### [TASK OBJECTIVE]
Print the listing exactly as it stands, and skip any pictures in it.

### [STORED DATA]
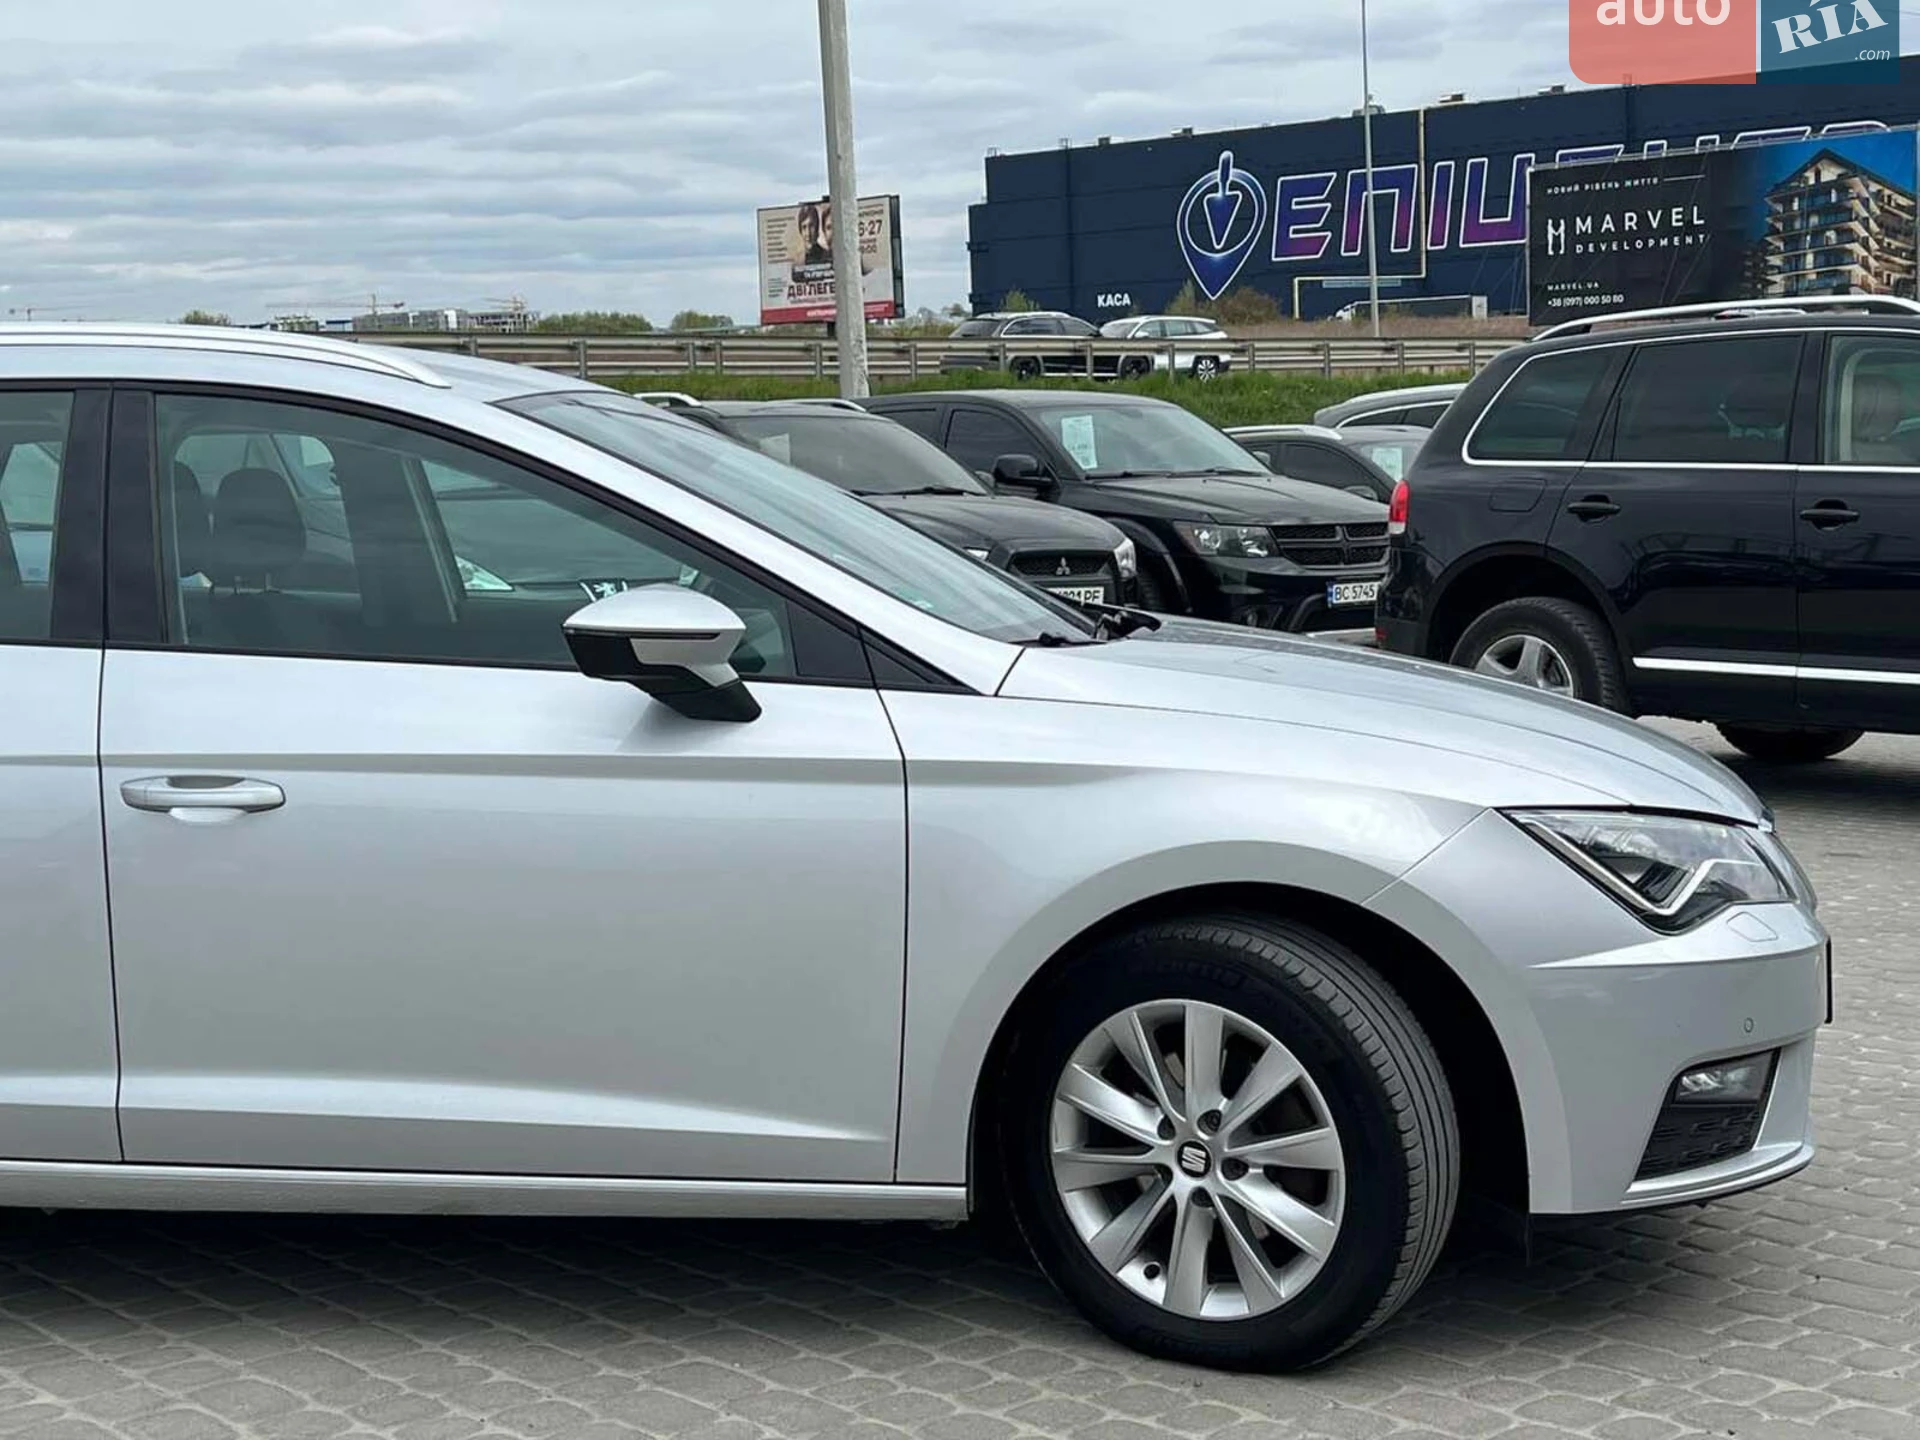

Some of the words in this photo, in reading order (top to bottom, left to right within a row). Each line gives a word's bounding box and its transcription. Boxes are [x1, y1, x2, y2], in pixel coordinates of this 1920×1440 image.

[1575, 205, 1705, 236] MARVEL
[1575, 234, 1706, 254] DEVELOPMENT
[1335, 585, 1350, 601] BC
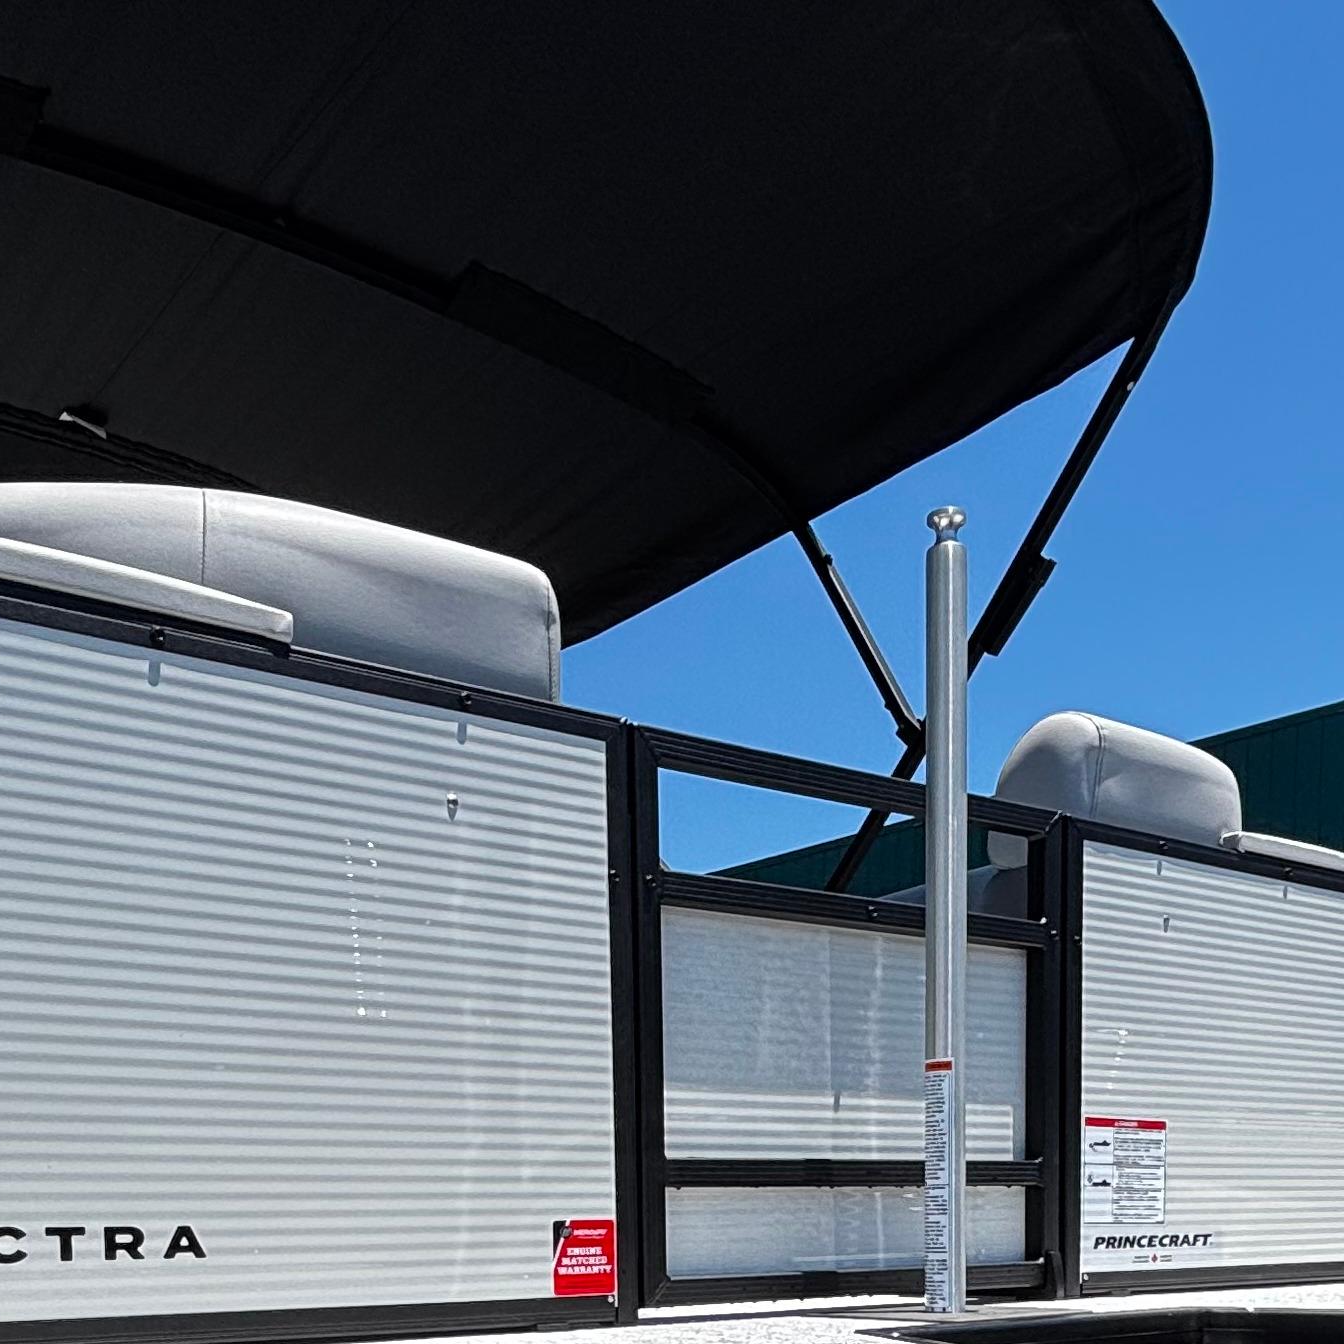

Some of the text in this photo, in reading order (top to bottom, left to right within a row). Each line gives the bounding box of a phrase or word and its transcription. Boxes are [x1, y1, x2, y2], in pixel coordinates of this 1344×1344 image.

[1093, 1233, 1212, 1249] PRINCECRAFT
[566, 1246, 603, 1256] ENGINE
[560, 1256, 608, 1266] MATCHED
[557, 1264, 613, 1275] WARRANTY

### [ANSWER SECTION]
Some of the words in this photo, in reading order (top to bottom, left to right within a row). Each line gives a word's bounding box and its transcription. Boxes are [x1, y1, x2, y2], in pixel coordinates of this 1920×1440 image.

[1575, 205, 1705, 236] MARVEL
[1575, 234, 1706, 254] DEVELOPMENT
[1335, 585, 1350, 601] BC

Some of the text in this photo, in reading order (top to bottom, left to right within a row). Each line gives the bounding box of a phrase or word and its transcription. Boxes are [x1, y1, x2, y2], in pixel coordinates of this 1344×1344 image.

[1093, 1233, 1212, 1249] PRINCECRAFT
[566, 1246, 603, 1256] ENGINE
[560, 1256, 608, 1266] MATCHED
[557, 1264, 613, 1275] WARRANTY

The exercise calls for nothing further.